Many was the cloudy night in the 1980s and well into the 1990s your old Unk spent with Burnham’s, a pencil, and a steno pad making my low-tech observing lists and hoping for clear skies. Burnham’s was more than that to me, though, much more. It was a friend who saw me through hard times. Like when Daddy, The Old Man, was in the hospital for the last time battling the cancer than took him way too early. I sat in the waiting room reading Burnham’s, taking solace somehow in that lonely man’s love for the eternal stars.

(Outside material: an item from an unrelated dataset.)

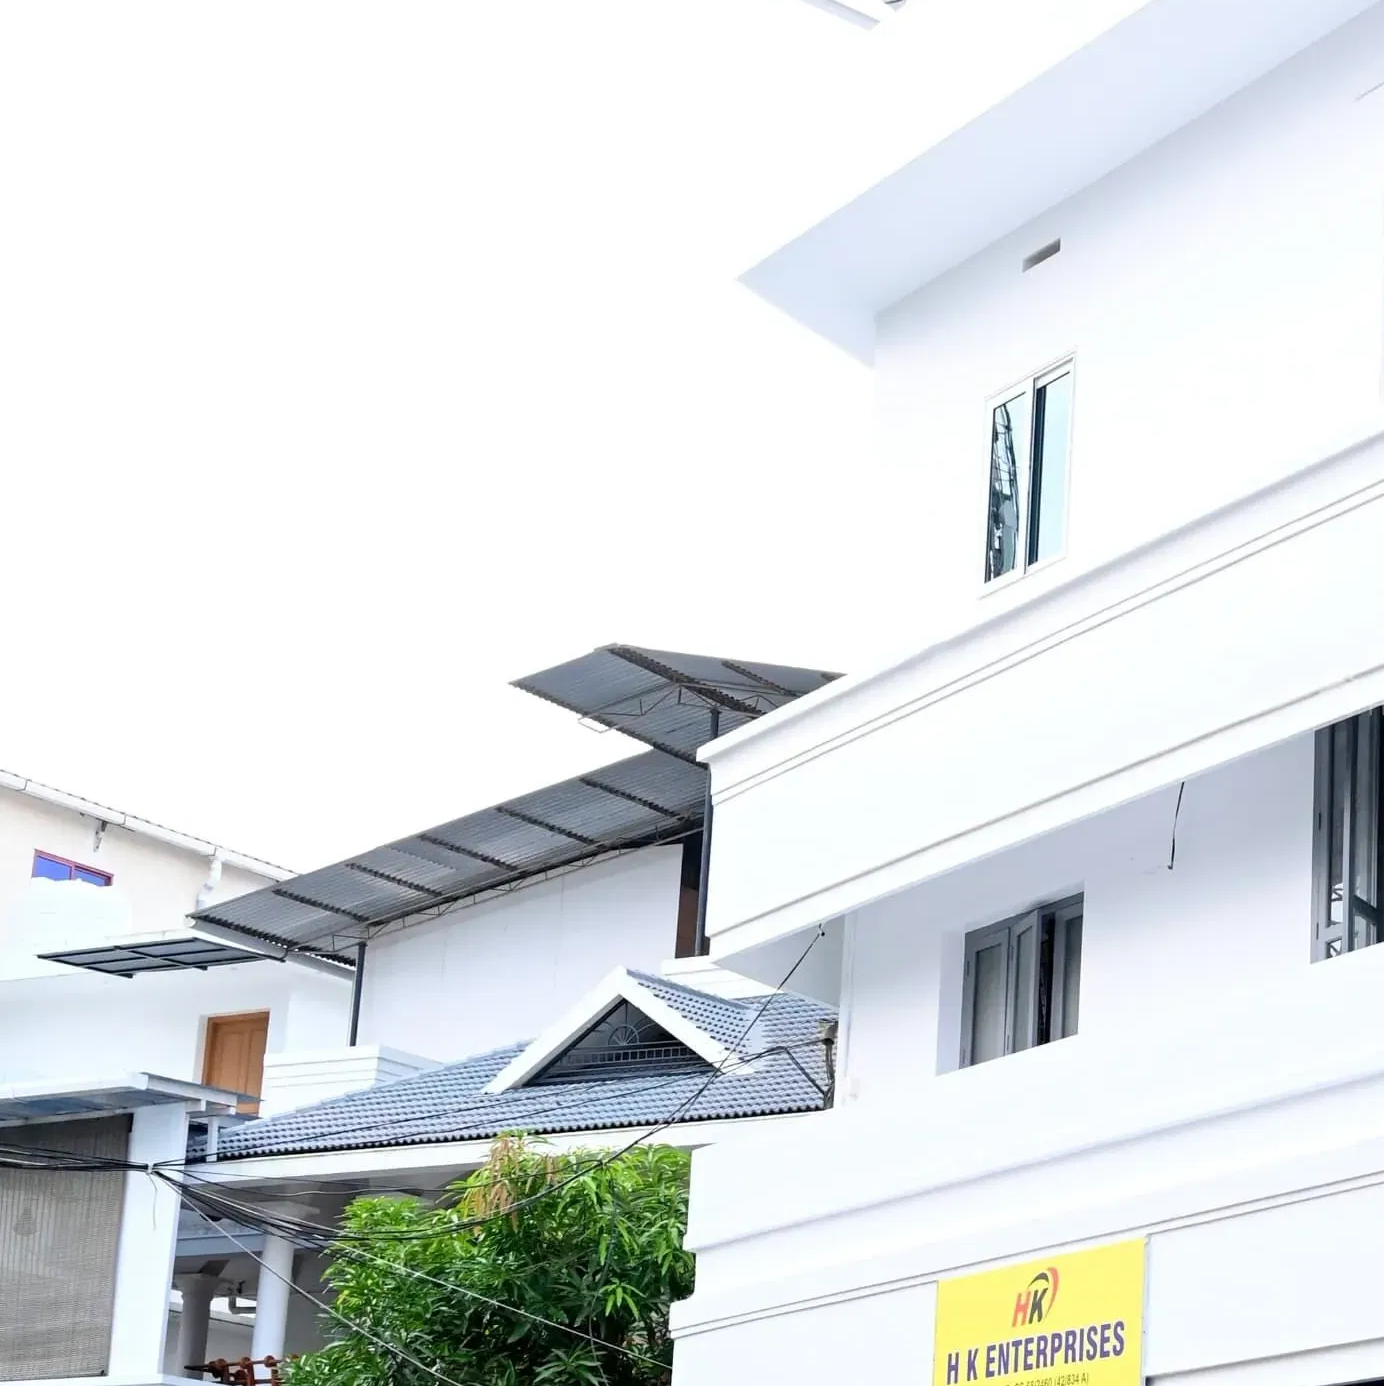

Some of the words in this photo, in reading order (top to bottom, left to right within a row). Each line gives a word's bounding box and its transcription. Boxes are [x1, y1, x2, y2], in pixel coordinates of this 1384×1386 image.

Today, Burnham’s Celestial Handbook has many fans in a small amateur astronomy sort of way, and some of them keep hoping it will be updated. (Lowell astronomer) Brian Skiff was, I understand, willing to take on that task at one time. Problems concerning the book’s publication rights scotched the idea, however. Burnham’s doesn't need to be updated, anyway. The science section at the front of the book was always its weakest part and is easy to skip. Some of Burnham’s object information in the Descriptive Notes sections is also outdated, but usually doesn't cause much harm for the observer. Finally, while the object positions are for Epoch 1950, it’s easy enough to get right ascensions and declinations elsewhere.

To be honest, I don’t want to see the Handbook updated. This special book has meant the world to me over the years, and I want its look and voice to remain the same. Which doesn't mean I’d been using the Handbook frequently of late. Until recently, I thought I’d outgrown it. Hell, it don’t even have the PGCs. Until I picked it up again the other day and started leafing. I ain’t outgrown it. Not hardly. How could you outgrow Shakespeare? Or Melville? Or Cervantes? And Burnham’s Celestial Handbook is our, amateur astronomy’s, Shakespeare and Melville and Cervantes.

What of Robert Burnham Junior? He is known and admired by far more amateur astronomers today than when he was alive. There’s a memorial, a small plaque, at Lowell Observatory, and an asteroid, 834 Burnhamia, was named in his honor. But his true memorial is his Handbook, muchachos, which I believe will live on just as The Cycle of Celestial Objects and Celestial Objects for Common Telescopes have lived on—and Burnham’s is a far better book than either. Do I have to tell you to go out and buy a copy if you don’t have one?